See our latest analysis for First Pacific
What Are Growth Metrics Telling Us About The Low P/E?
In order to justify its P/E ratio, First Pacific would need to produce anemic growth that's substantially trailing the market.
Taking a look back first, we see that the company grew earnings per share by an impressive 20% last year. The strong recent performance means it was also able to grow EPS by 149% in total over the last three years. Accordingly, shareholders would have probably welcomed those medium-term rates of earnings growth.
Shifting to the future, estimates from the two analysts covering the company suggest earnings should grow by 9.3% per year over the next three years. That's shaping up to be materially lower than the 15% per annum growth forecast for the broader market.

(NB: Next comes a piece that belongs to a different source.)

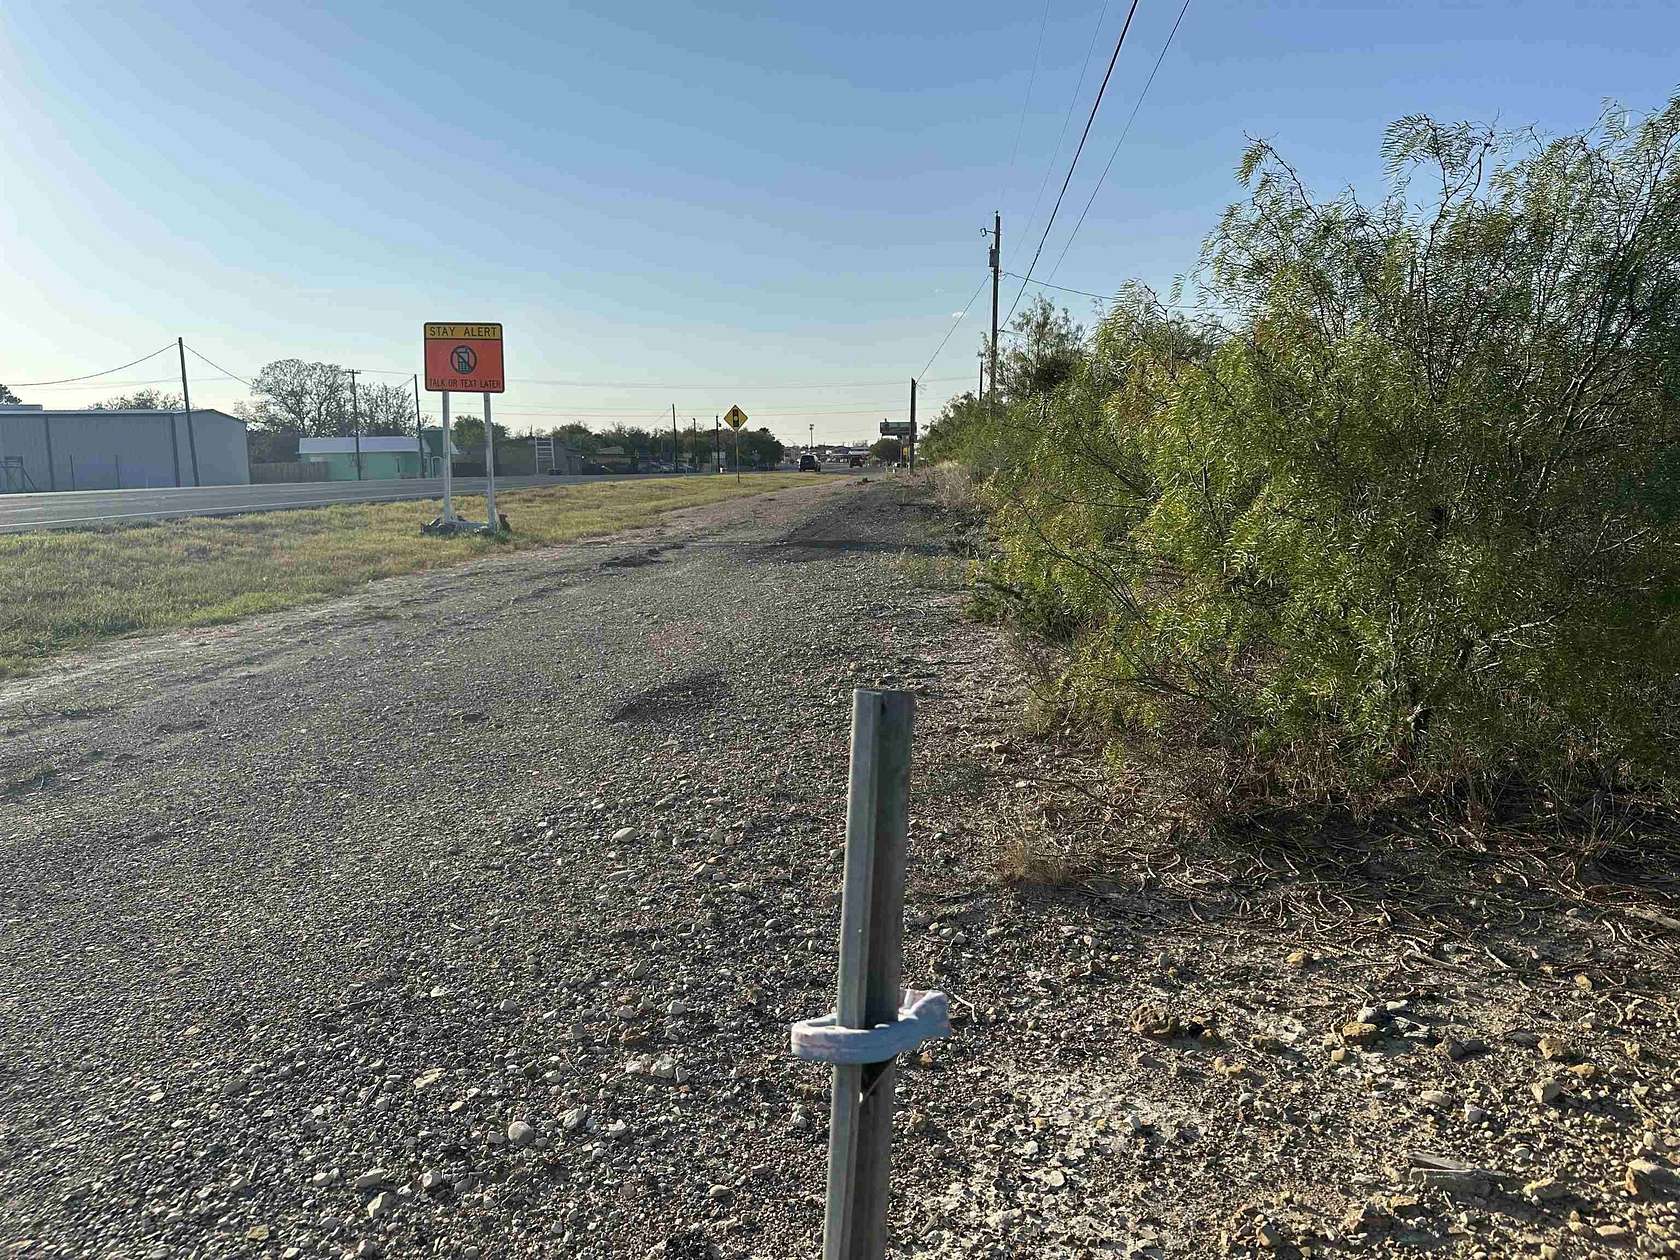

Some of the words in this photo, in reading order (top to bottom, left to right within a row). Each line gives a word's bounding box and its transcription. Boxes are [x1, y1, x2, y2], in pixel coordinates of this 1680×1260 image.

In light of this, it's understandable that First Pacific's P/E sits below the majority of other companies. It seems most investors are expecting to see limited future growth and are only willing to pay a reduced amount for the stock.
The Final Word
Even after such a strong price move, First Pacific's P/E still trails the rest of the market significantly. It's argued the price-to-earnings ratio is an inferior measure of value within certain industries, but it can be a powerful business sentiment indicator.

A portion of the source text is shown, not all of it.